WHAT THE TASK ASKS
Would you write out the entries that follow word for word, omitting any images?

Records drawn from a dataset
=== Section Start ===

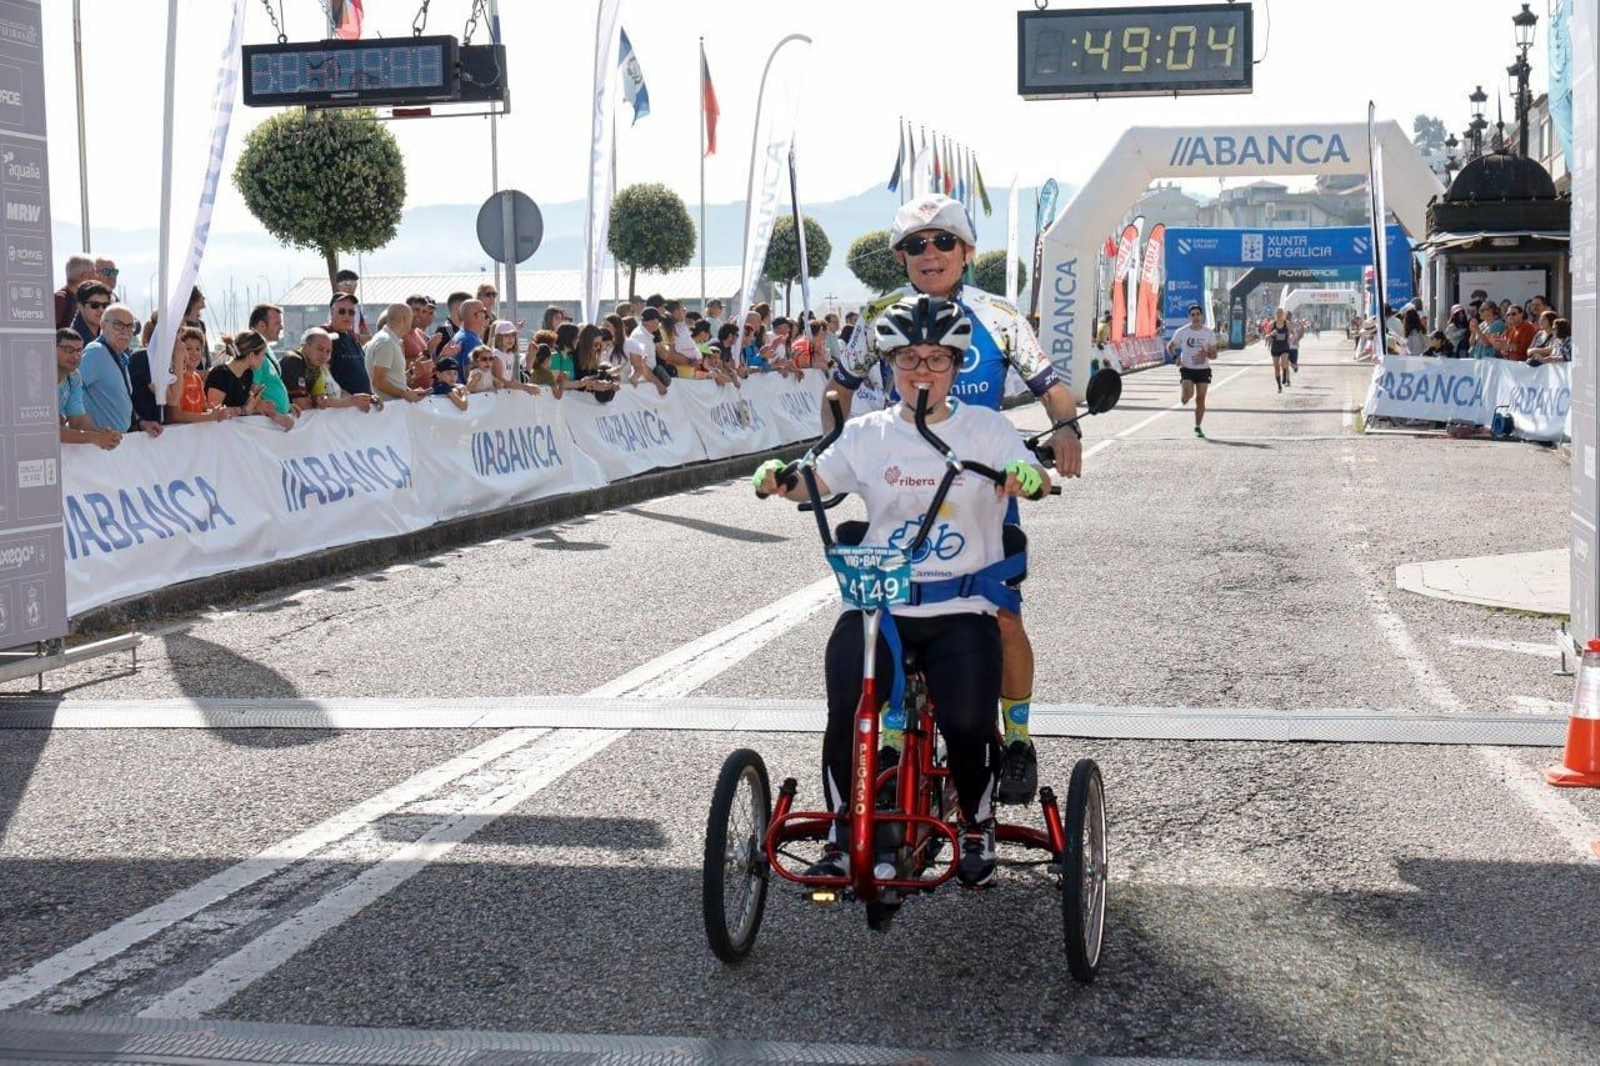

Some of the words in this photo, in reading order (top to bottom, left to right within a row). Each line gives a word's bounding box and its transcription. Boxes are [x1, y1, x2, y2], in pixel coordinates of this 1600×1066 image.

[6, 201, 41, 222] MRW
[1267, 235, 1308, 246] XUNTA
[1267, 247, 1282, 258] DE
[1284, 246, 1332, 258] GALICIA
[900, 476, 935, 486] ribera
[849, 577, 899, 604] 4149
[855, 743, 868, 815] PEGASO
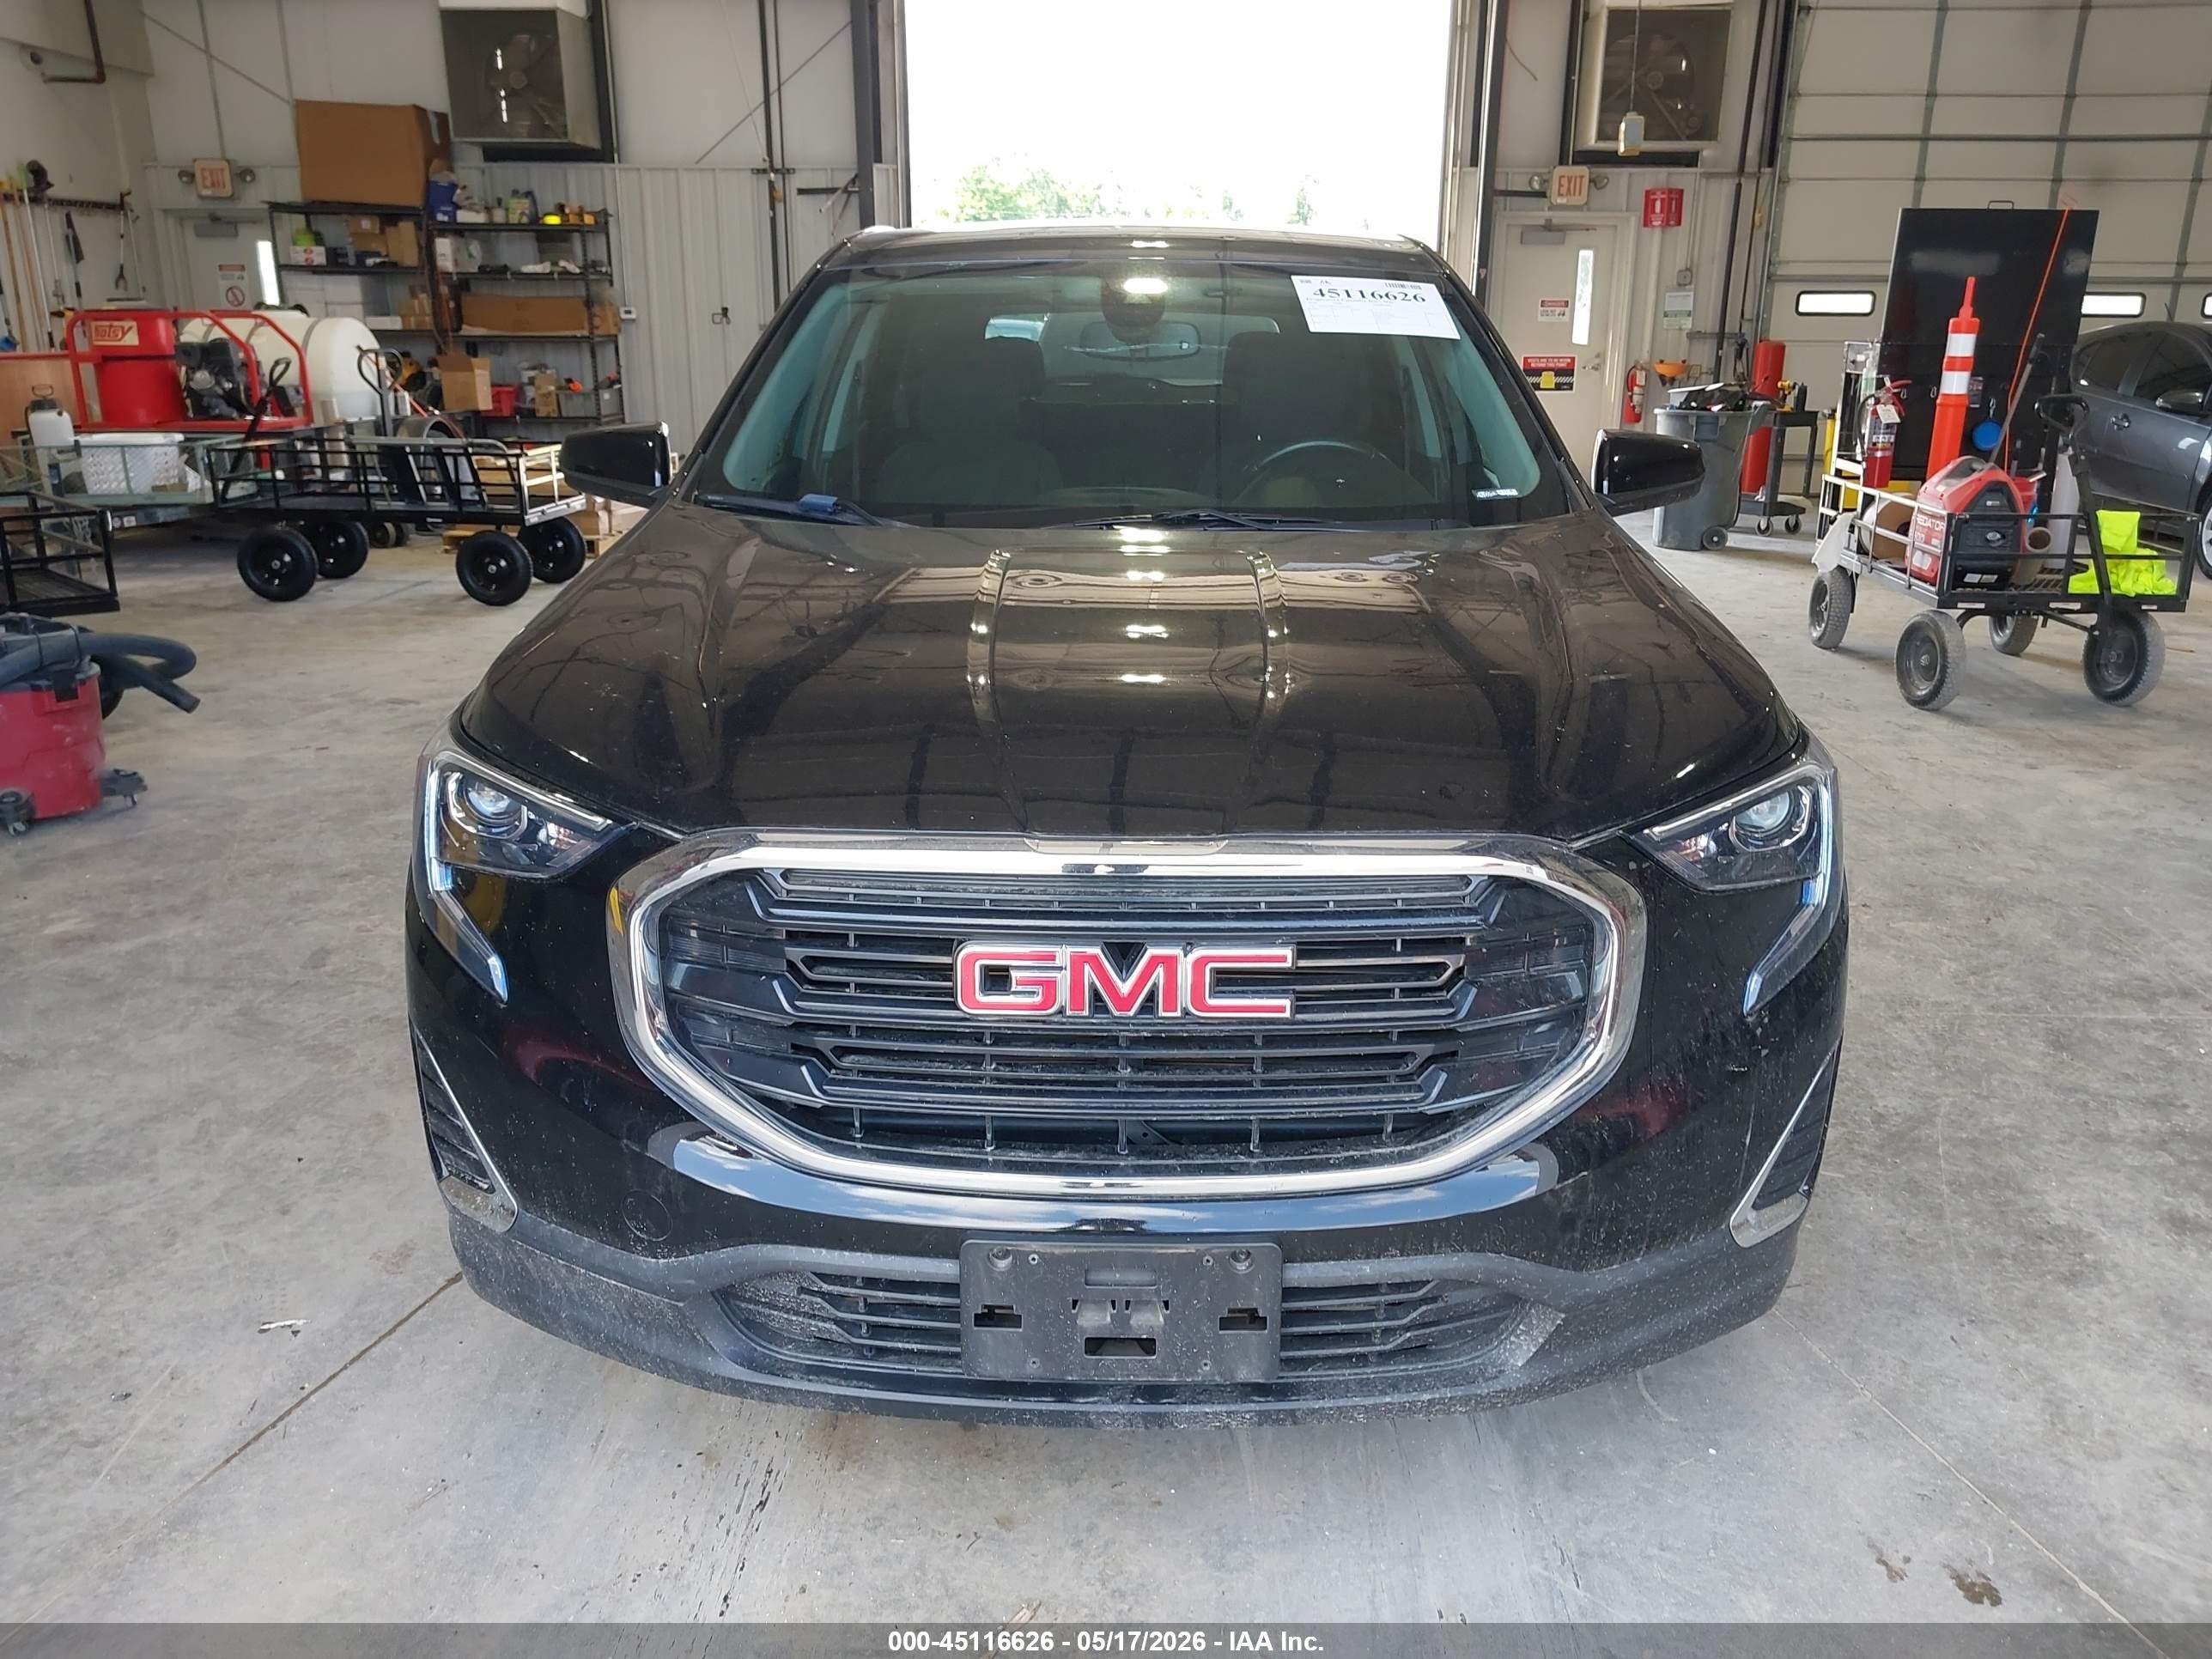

=== Section End ===

OUTPUT OF THE EXERCISE
Some of the words in this photo, in reading order (top to bottom, left to right within a row). Each line gives a word's bounding box and its transcription. Boxes are [x1, y1, x2, y2], in pixel coordinates of this 1600×1066 image.

[6, 201, 41, 222] MRW
[1267, 235, 1308, 246] XUNTA
[1267, 247, 1282, 258] DE
[1284, 246, 1332, 258] GALICIA
[900, 476, 935, 486] ribera
[849, 577, 899, 604] 4149
[855, 743, 868, 815] PEGASO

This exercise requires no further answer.